Metabolic remodeling in takotsubo syndrome

The heart requires a large and constant supply of energy that is mainly the result of an efficient metabolic machinery that converges on mitochondrial oxidative metabolism to maintain its continuous mechanical work. Perturbations in these metabolic processes may therefore affect energy generation and contractile function directly. Metabolism characteristics in takotsubo syndrome (TTS) reveals several metabolic alterations called metabolic remodeling, including the hyperactivity of sympathetic metabolism, derangements of substrate utilization, effector subcellular dysfunction and systemic metabolic disorders, ultimately contributing to the progression of the disease and the development of a persistent and long-term heart failure (HF) phenotype.
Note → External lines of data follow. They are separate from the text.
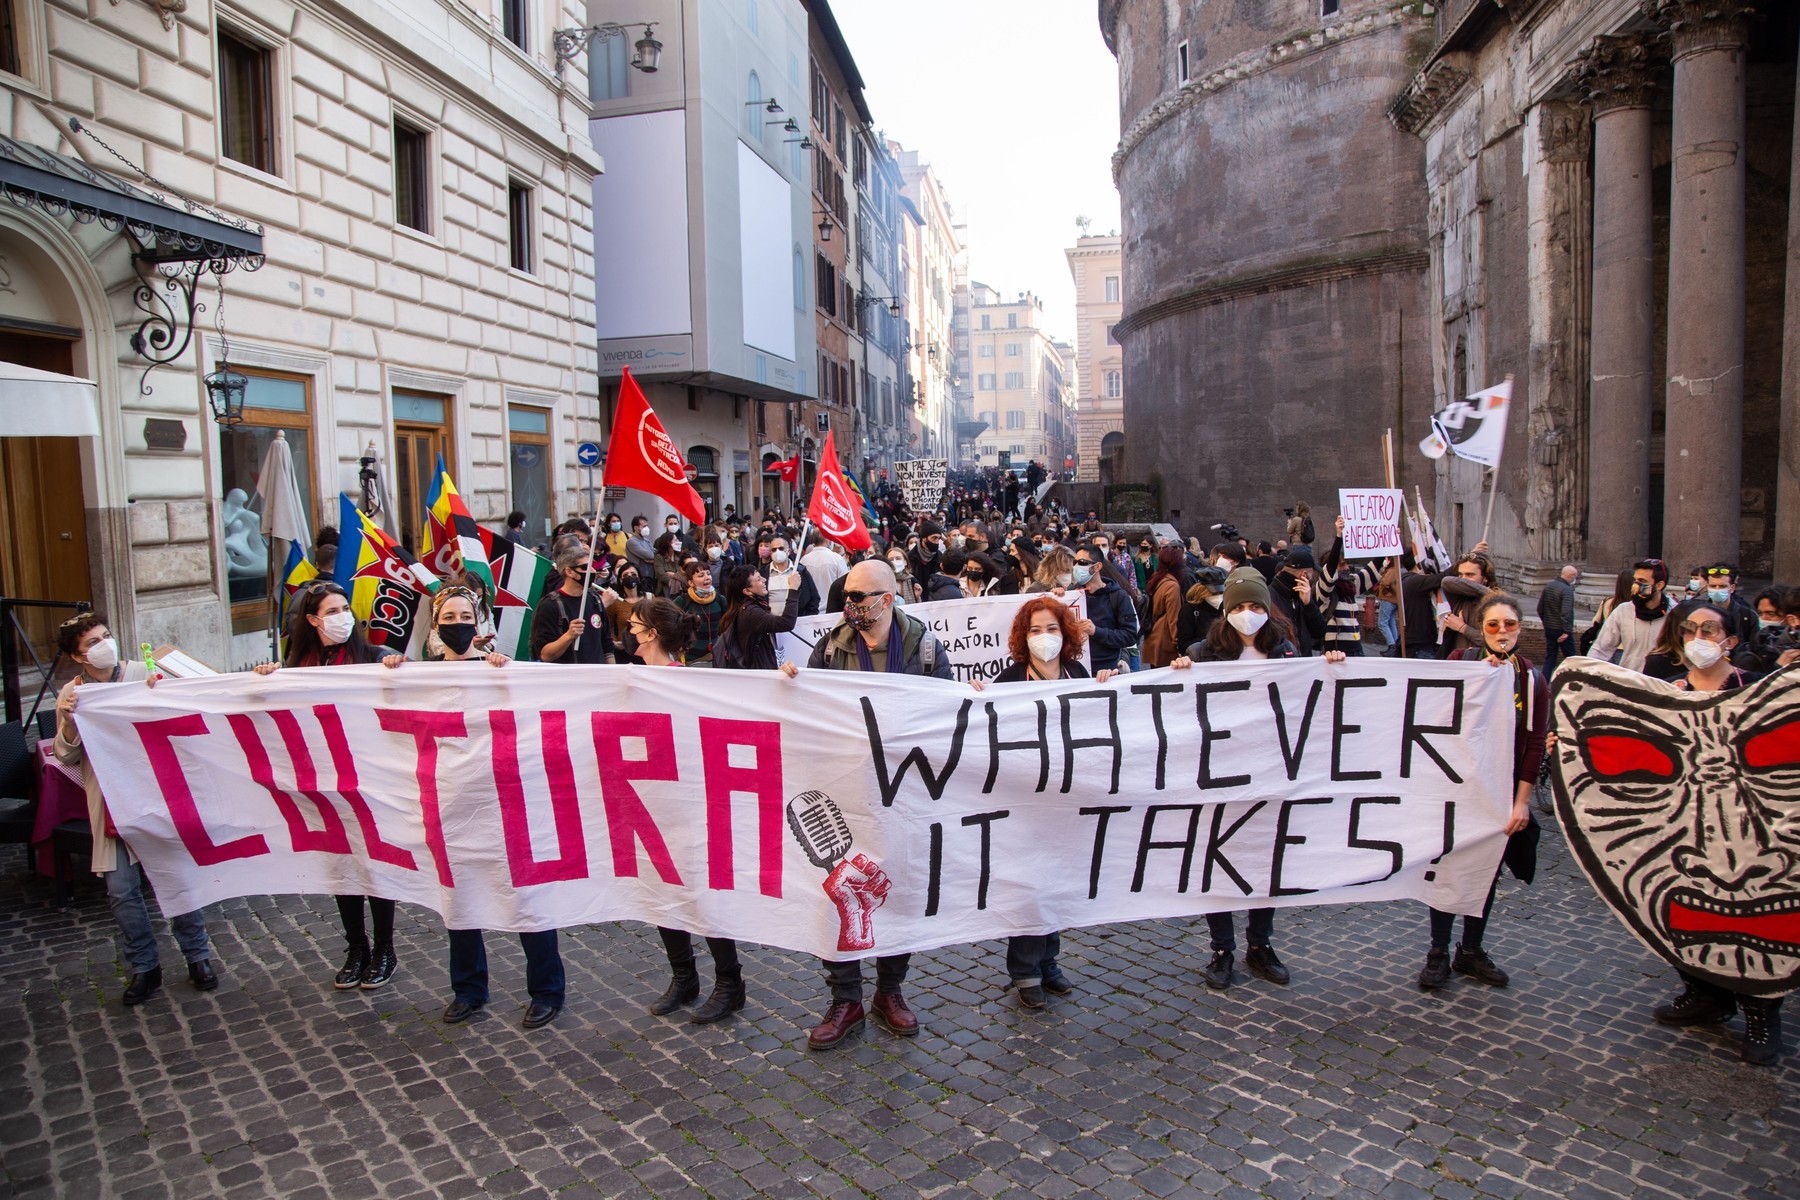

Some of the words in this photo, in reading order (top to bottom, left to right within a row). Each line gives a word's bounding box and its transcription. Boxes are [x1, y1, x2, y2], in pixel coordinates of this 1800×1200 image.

[657, 459, 675, 477] ROMA
[894, 462, 908, 471] UN
[897, 471, 915, 480] NON
[917, 471, 947, 479] INVESTE
[911, 480, 941, 488] PROPRIO
[910, 488, 942, 498] TEATRO
[1343, 504, 1352, 520] IL
[1346, 495, 1394, 520] TEATRO
[1351, 525, 1398, 549] NECESSARIO
[967, 616, 978, 630] E
[133, 703, 783, 899] CULTURA
[859, 678, 1465, 807] WHATEVER
[925, 810, 1010, 917] IT
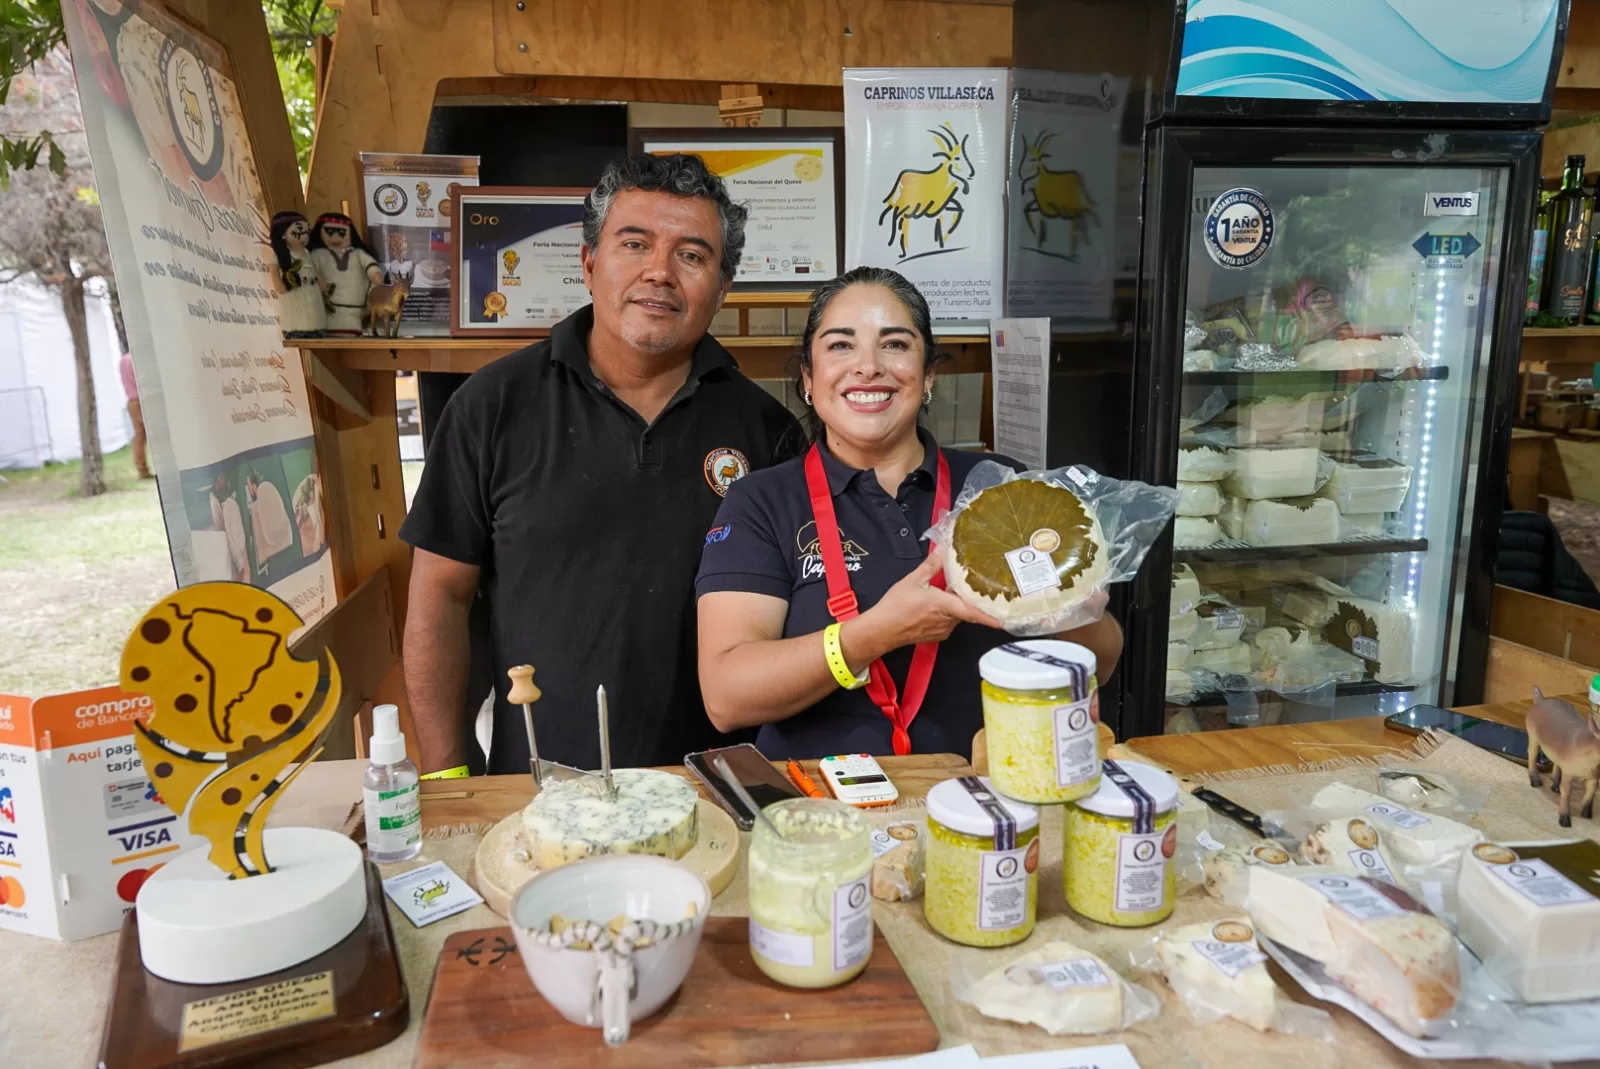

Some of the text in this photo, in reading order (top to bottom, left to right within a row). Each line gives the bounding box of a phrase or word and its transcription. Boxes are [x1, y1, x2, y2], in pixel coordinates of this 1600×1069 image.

In this review, we explore the current literature investigating the pathological metabolic alterations in TTS. Although the metabolic dysfunction in takotsubo hearts is initially recognized as a myocardial metabolic inflexibility, we suggest that the widespread alterations of systemic metabolism with complex interplay between the heart and peripheral tissues rather than just cardiometabolic disorders per se account for long-term maladaptive metabolic, functional and structural impairment under this condition. Therapeutic strategies with the recent evidence from small clinical and animal researches, especially for targeting substrate utilization and/or oxidative stress, might be promising tools to improve the outcome of patients with TTS beyond that achieved with traditional sympathetic inhibition and symptomatic therapies.